▶ [Aim of the task]: Make an exact copy of the records, with the pictures left out.

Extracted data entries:
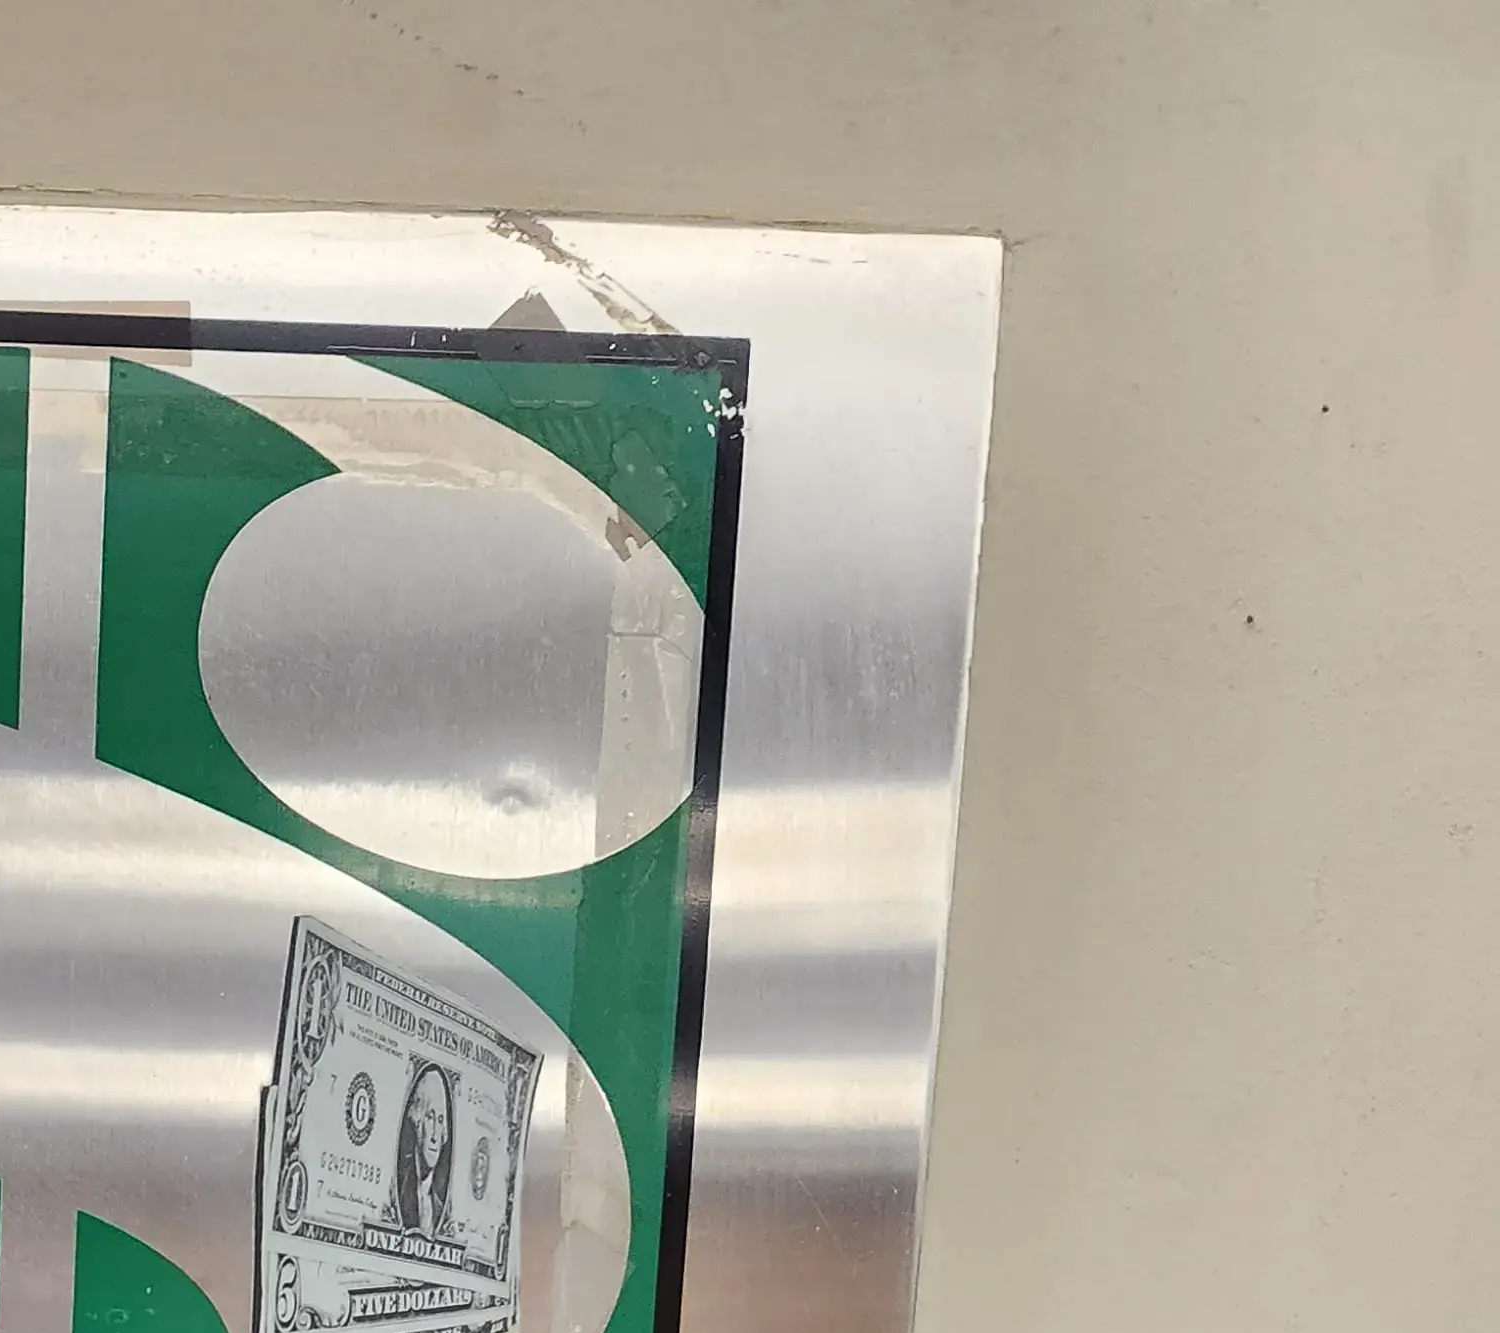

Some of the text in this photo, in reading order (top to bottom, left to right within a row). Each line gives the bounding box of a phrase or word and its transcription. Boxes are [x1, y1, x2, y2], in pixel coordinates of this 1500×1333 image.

[345, 981, 373, 1013] THE
[375, 994, 417, 1034] UNITED
[417, 1016, 459, 1055] STATES
[459, 1035, 474, 1061] OF
[365, 1230, 401, 1254] ONE
[352, 1291, 400, 1317] FIVE
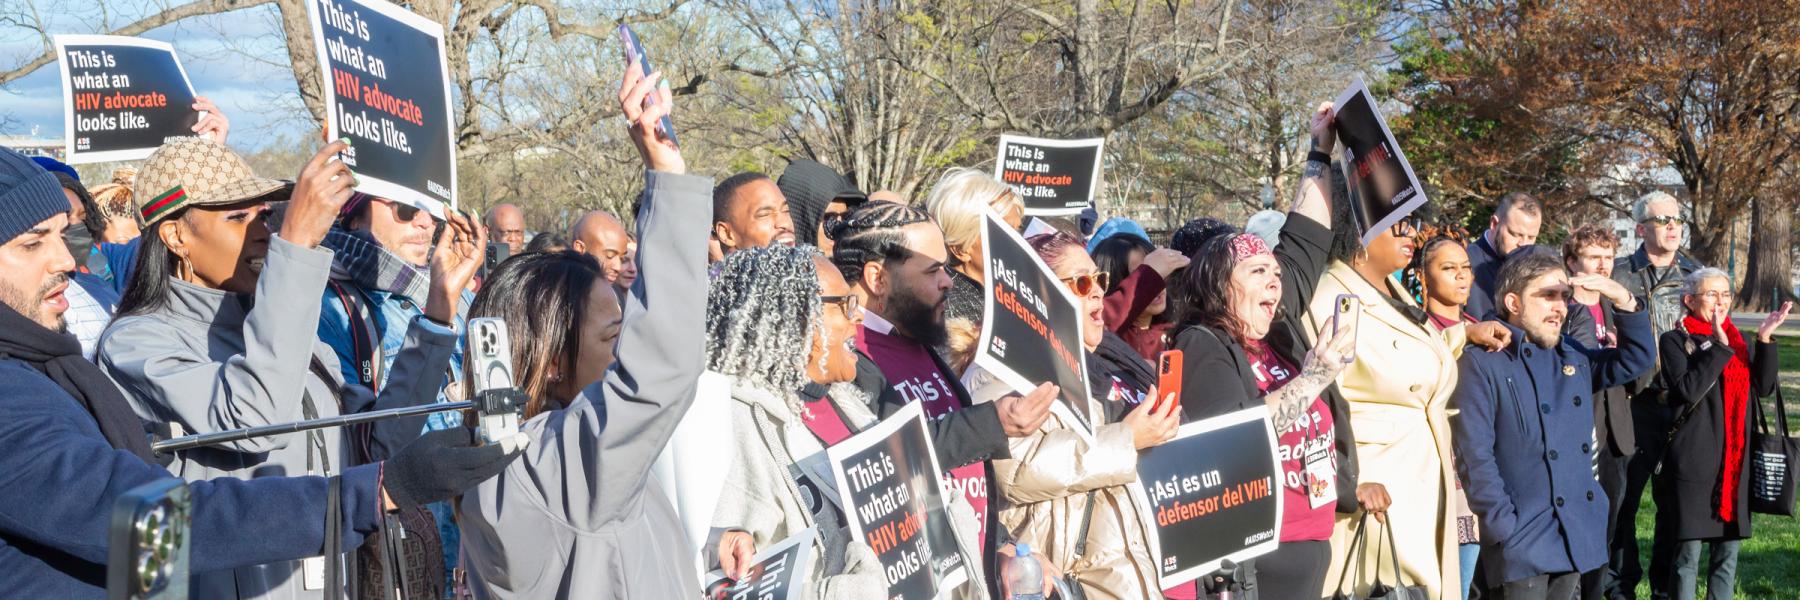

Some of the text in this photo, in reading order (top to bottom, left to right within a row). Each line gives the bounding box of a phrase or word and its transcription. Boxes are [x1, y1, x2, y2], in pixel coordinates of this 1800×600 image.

▶ [Solution to this exercise]:
Some of the text in this photo, in reading order (top to bottom, left to right within a row). Each line gives the bounding box of a phrase or word and its transcription. Boxes are [x1, y1, x2, y2], in pixel coordinates of this 1500×1333 image.

[345, 981, 373, 1013] THE
[375, 994, 417, 1034] UNITED
[417, 1016, 459, 1055] STATES
[459, 1035, 474, 1061] OF
[365, 1230, 401, 1254] ONE
[352, 1291, 400, 1317] FIVE

Some of the text in this photo, in reading order (top to bottom, left to right within a row). Each line gives the bounding box of a phrase or word and its transcription. Boxes are [x1, y1, x2, y2], in pixel coordinates of this 1800×600 image.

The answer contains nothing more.